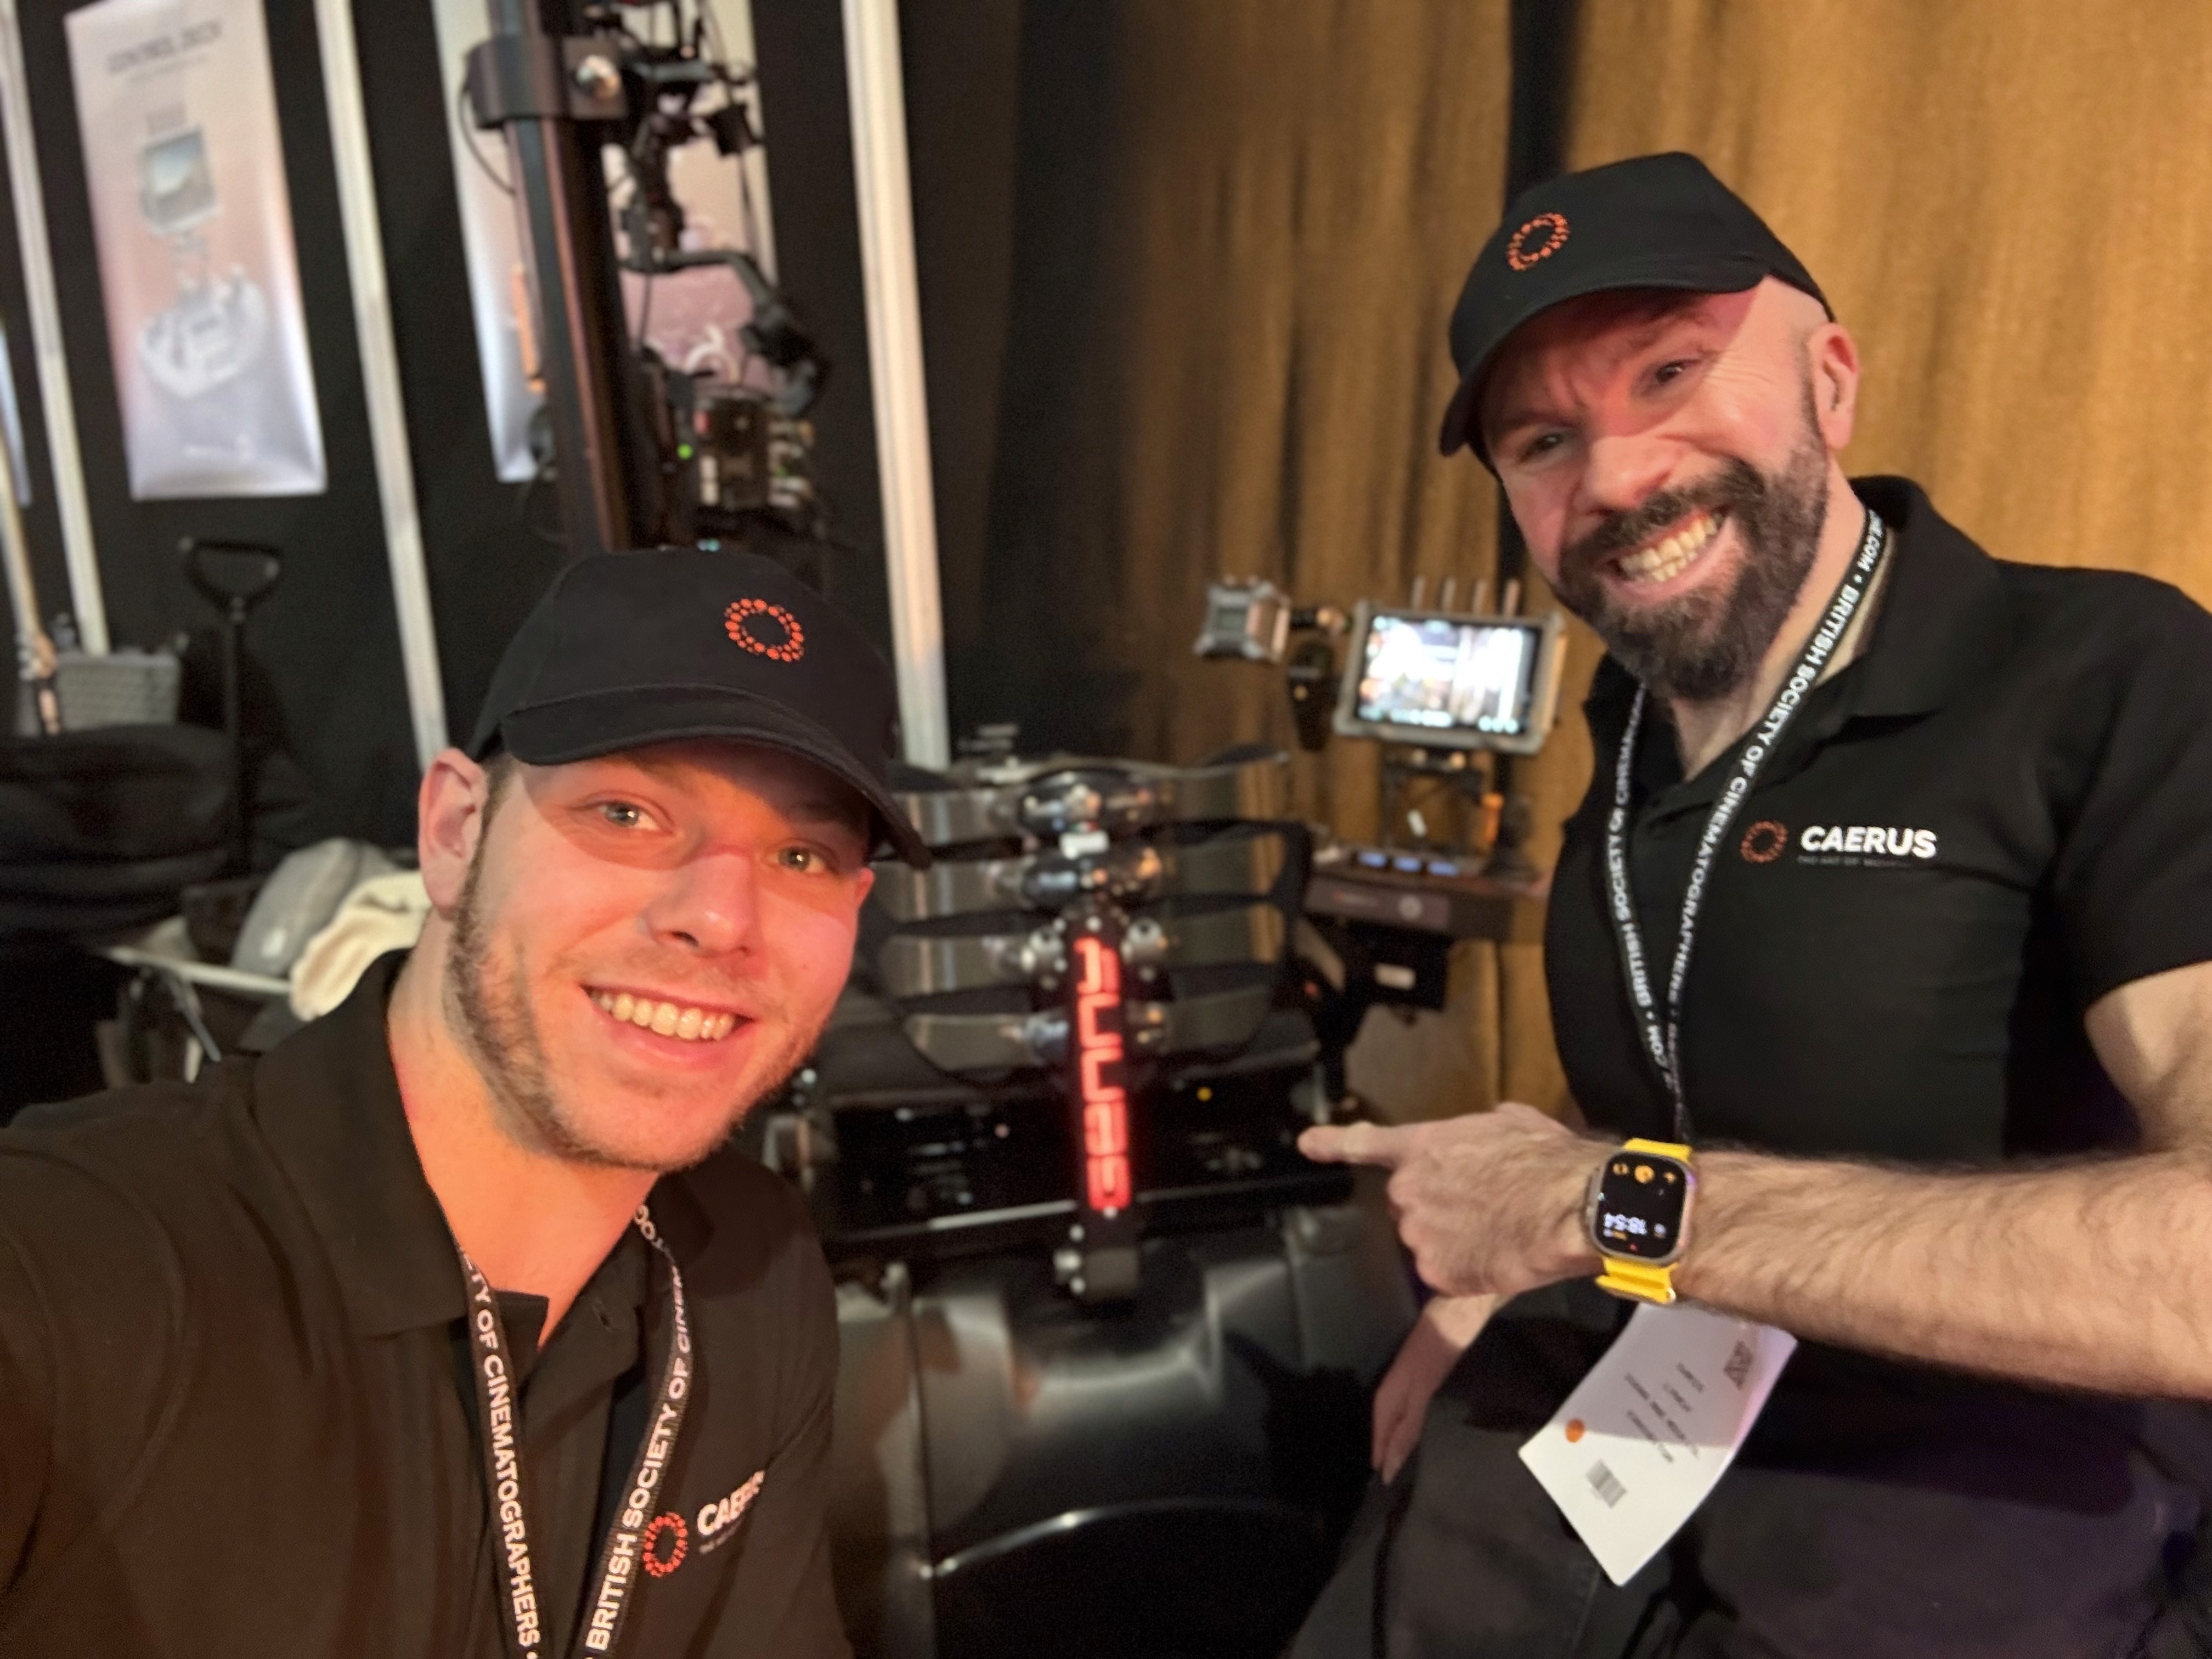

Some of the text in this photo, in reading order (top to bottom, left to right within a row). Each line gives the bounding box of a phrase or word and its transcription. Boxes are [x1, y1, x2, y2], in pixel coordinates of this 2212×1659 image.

[1805, 584, 1860, 665] BRITISH
[1757, 664, 1816, 746] SOCIETY
[1741, 745, 1764, 778] OF
[1800, 825, 1938, 859] CAERUS
[476, 1308, 499, 1350] OF
[483, 1354, 541, 1647] CINEMATOGRAPHERS
[585, 1533, 638, 1651] BRITISH
[622, 1402, 677, 1528] SOCIETY
[668, 1357, 689, 1400] OF
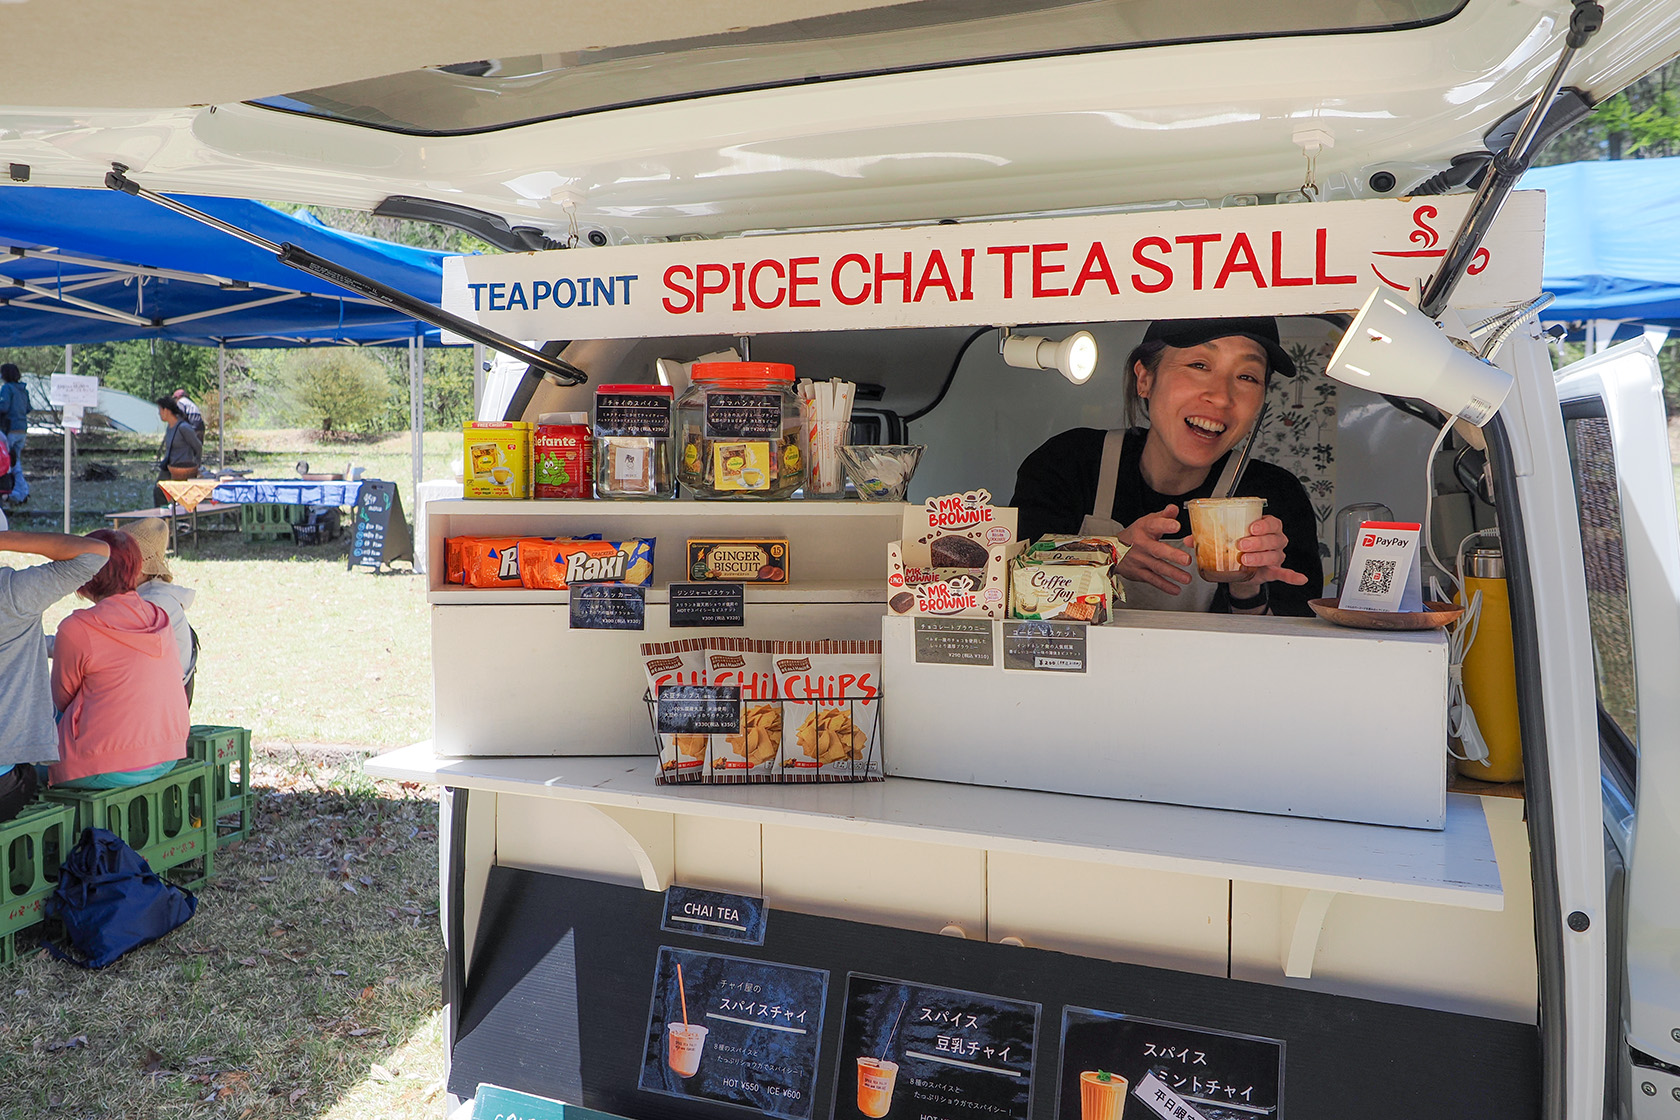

What to work on:
Give the material above again exactly as it stands, minus any images.

Task solution:
Some of the text in this photo, in reading order (top to bottom, left to right within a row). Each line gives the bounding box of a phrase or word and its transcription. Boxes are [x1, y1, x2, y2], in pixel coordinates of this 2212×1659 image.

[1805, 584, 1860, 665] BRITISH
[1757, 664, 1816, 746] SOCIETY
[1741, 745, 1764, 778] OF
[1800, 825, 1938, 859] CAERUS
[476, 1308, 499, 1350] OF
[483, 1354, 541, 1647] CINEMATOGRAPHERS
[585, 1533, 638, 1651] BRITISH
[622, 1402, 677, 1528] SOCIETY
[668, 1357, 689, 1400] OF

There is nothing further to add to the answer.